Write out all records as given; omit images.

Start of STORED DATA

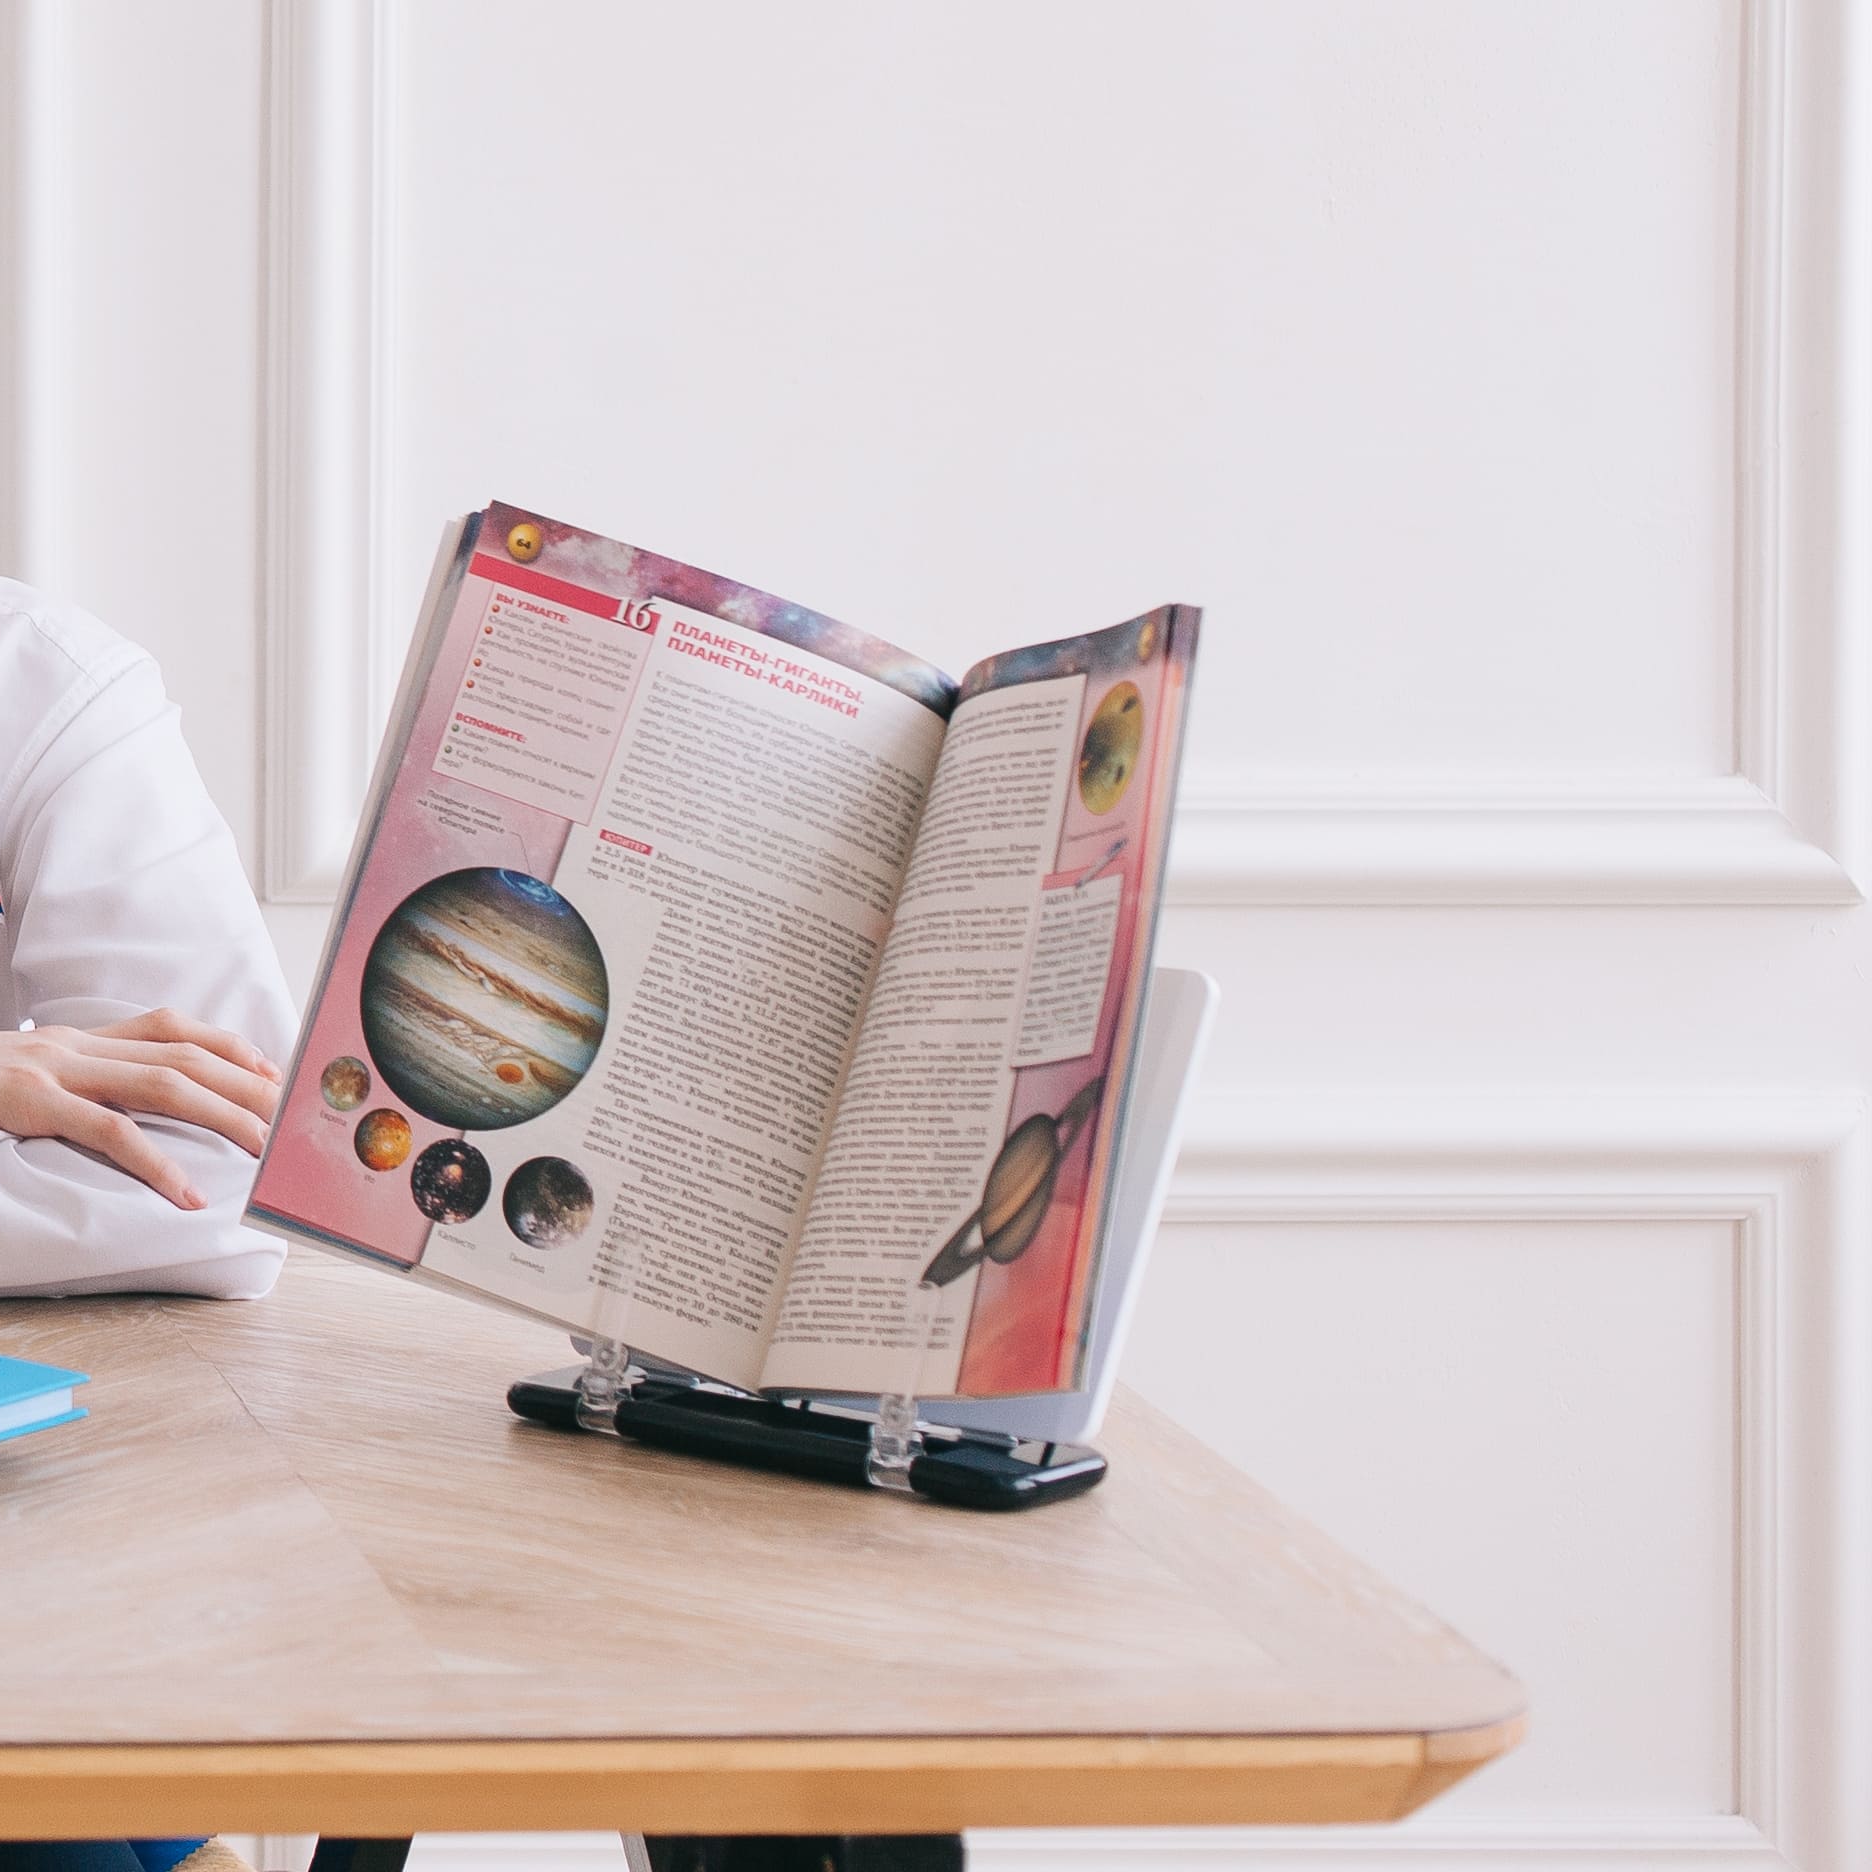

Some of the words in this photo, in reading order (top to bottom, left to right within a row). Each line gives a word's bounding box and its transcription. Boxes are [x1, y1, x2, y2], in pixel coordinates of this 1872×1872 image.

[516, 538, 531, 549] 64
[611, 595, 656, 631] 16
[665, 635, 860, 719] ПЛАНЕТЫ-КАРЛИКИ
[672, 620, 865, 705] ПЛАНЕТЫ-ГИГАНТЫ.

End of STORED DATA

EXERCISE SOLUTION:
Some of the words in this photo, in reading order (top to bottom, left to right within a row). Each line gives a word's bounding box and its transcription. Boxes are [x1, y1, x2, y2], in pixel coordinates of this 1872×1872 image.

[516, 538, 531, 549] 64
[611, 595, 656, 631] 16
[665, 635, 860, 719] ПЛАНЕТЫ-КАРЛИКИ
[672, 620, 865, 705] ПЛАНЕТЫ-ГИГАНТЫ.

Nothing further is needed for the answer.